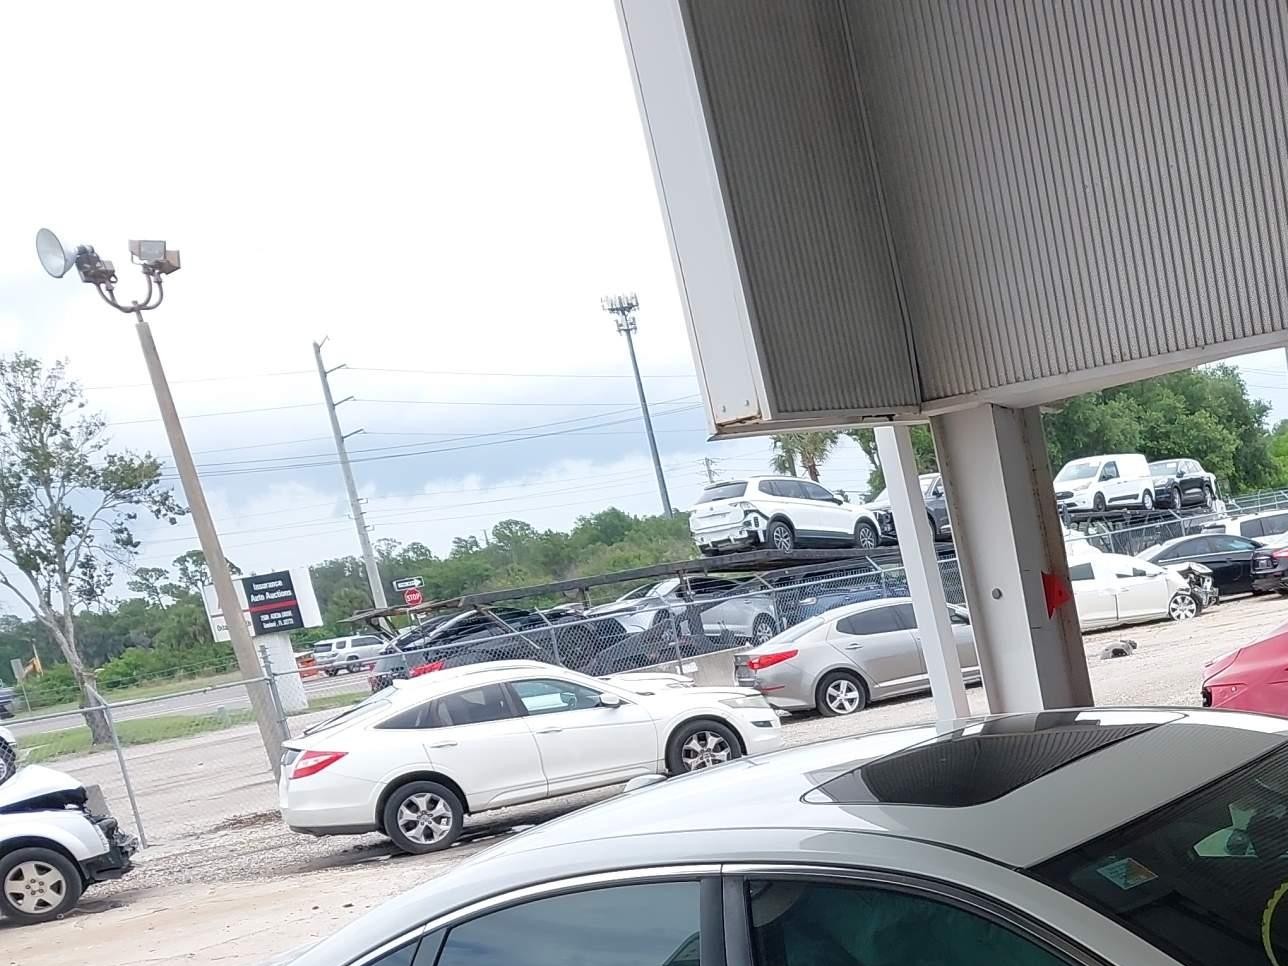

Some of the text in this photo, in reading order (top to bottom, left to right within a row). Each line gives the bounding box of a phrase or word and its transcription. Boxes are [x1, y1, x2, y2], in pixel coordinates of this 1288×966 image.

[252, 580, 283, 591] Insurance
[250, 589, 292, 602] Auto Auctions
[406, 593, 421, 602] STOP
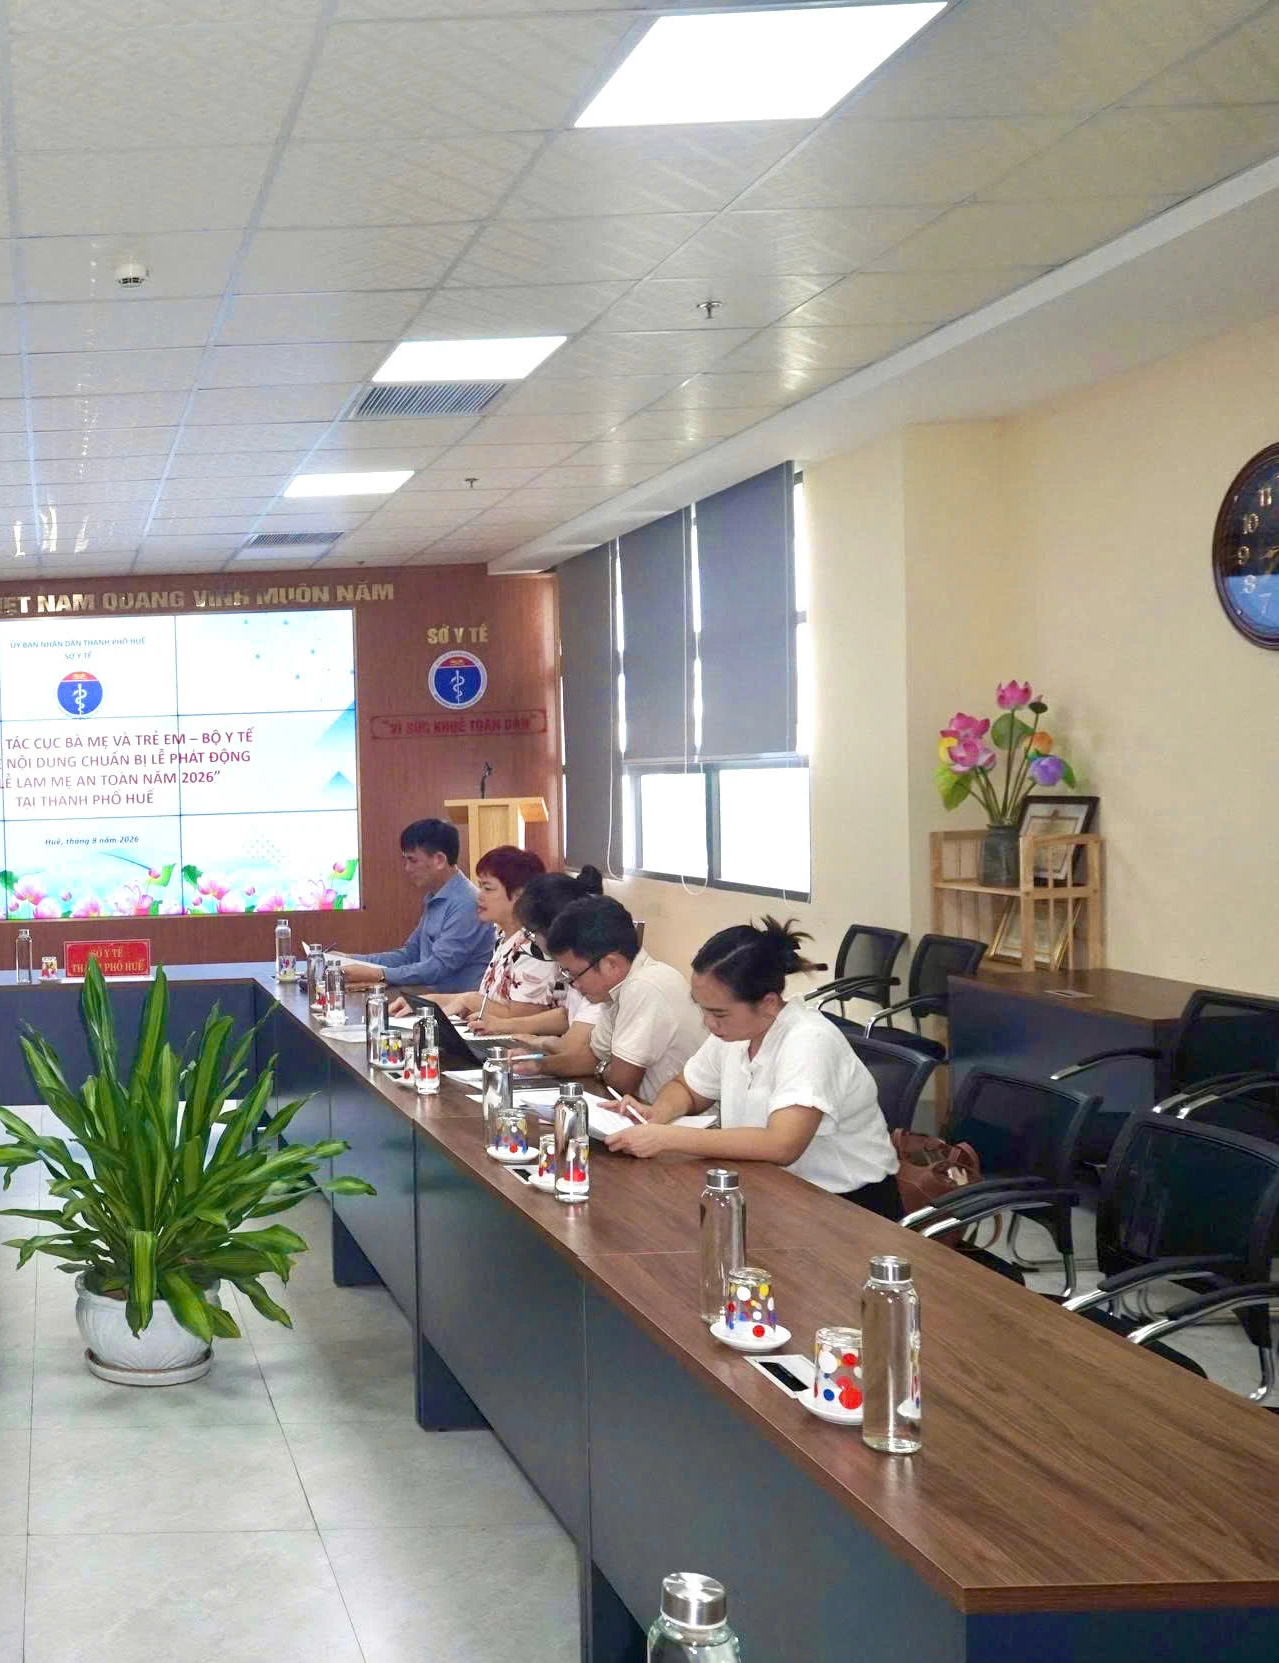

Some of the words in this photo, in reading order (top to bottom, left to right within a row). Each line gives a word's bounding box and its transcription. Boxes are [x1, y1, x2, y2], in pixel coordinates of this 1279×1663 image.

========================

**Work request:** Set down all the entries above verbatim, and include none of the pictures.

**Expected output:**
Some of the text in this photo, in reading order (top to bottom, left to right within a row). Each line gives the bounding box of a phrase or word and its transcription. Boxes are [x1, y1, x2, y2], in pixel coordinates of this 1288×966 image.

[252, 580, 283, 591] Insurance
[250, 589, 292, 602] Auto Auctions
[406, 593, 421, 602] STOP

Some of the words in this photo, in reading order (top to bottom, left to right within a row). Each line gives a word's bounding box and its transcription. Boxes are [x1, y1, x2, y2], in pixel coordinates of this 1279×1663 image.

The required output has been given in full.